Look for an eye doctor who has done a lot of refractive surgeries. Doctors who are affiliated with a medical school or major eye clinic may have better access to the latest procedures and technology. In most cases, an ophthalmologist, not an optometrist, will do the eye surgery.
If you are thinking about having surgery:
Consider getting an independent second opinion by talking to an ophthalmologist who would not be doing the refractive surgery itself but could evaluate you as a candidate for surgery and recommend a surgeon.

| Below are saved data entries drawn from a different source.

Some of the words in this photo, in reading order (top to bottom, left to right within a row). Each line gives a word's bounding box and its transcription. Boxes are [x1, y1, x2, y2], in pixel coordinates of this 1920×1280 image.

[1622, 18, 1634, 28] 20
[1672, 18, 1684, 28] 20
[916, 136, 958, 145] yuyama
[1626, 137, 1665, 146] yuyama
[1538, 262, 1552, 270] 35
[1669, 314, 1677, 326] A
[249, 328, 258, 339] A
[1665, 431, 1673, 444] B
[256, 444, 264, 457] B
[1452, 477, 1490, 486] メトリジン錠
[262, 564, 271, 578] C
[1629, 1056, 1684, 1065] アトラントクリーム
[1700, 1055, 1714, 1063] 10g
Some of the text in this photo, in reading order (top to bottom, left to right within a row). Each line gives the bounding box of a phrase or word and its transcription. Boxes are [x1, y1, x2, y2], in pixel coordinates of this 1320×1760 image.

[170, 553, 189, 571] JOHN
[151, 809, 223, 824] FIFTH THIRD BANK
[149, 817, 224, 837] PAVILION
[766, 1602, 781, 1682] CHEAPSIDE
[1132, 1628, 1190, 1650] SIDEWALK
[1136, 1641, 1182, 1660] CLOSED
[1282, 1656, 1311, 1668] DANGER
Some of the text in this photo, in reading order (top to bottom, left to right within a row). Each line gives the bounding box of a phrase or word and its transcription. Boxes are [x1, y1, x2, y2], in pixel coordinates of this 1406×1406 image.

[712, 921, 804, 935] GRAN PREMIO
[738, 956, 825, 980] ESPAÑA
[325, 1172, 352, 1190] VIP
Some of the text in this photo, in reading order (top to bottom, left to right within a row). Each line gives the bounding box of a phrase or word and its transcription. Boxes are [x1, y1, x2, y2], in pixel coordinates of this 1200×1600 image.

Look for an eye surgeon who has taken several courses in the procedure (not just a single course) and who has done at least 25 to 30 procedures. Ask what the success rate has been in these procedures. And ask how satisfied the patients were with the results.
Choose an eye surgeon who will personally handle your care and follow-up after surgery.
Ask about your risk of halo or glare.
Ask whether you can look through lenses that will duplicate the amount of undercorrection the surgeon expects you will still have after surgery.
Ask whether you will be able to wear contact lenses to correct the remaining undercorrection. Some people are not able to wear contact lenses after surgery.
Ask whether the price of the surgery will cover a repeat procedure if the first procedure undercorrects or overcorrects too much.
In the case of radial keratotomy (RK), ask whether the surgeon plans to wait at least 6 weeks before operating on the second eye. That way, any unexpected results in the first eye will be less likely to be repeated in the second eye.
In the case of LASIK or photorefractive keratectomy (PRK), talk with your doctor about the risks and benefits of correcting both eyes on the same day compared with doing one eye at a time on separate days.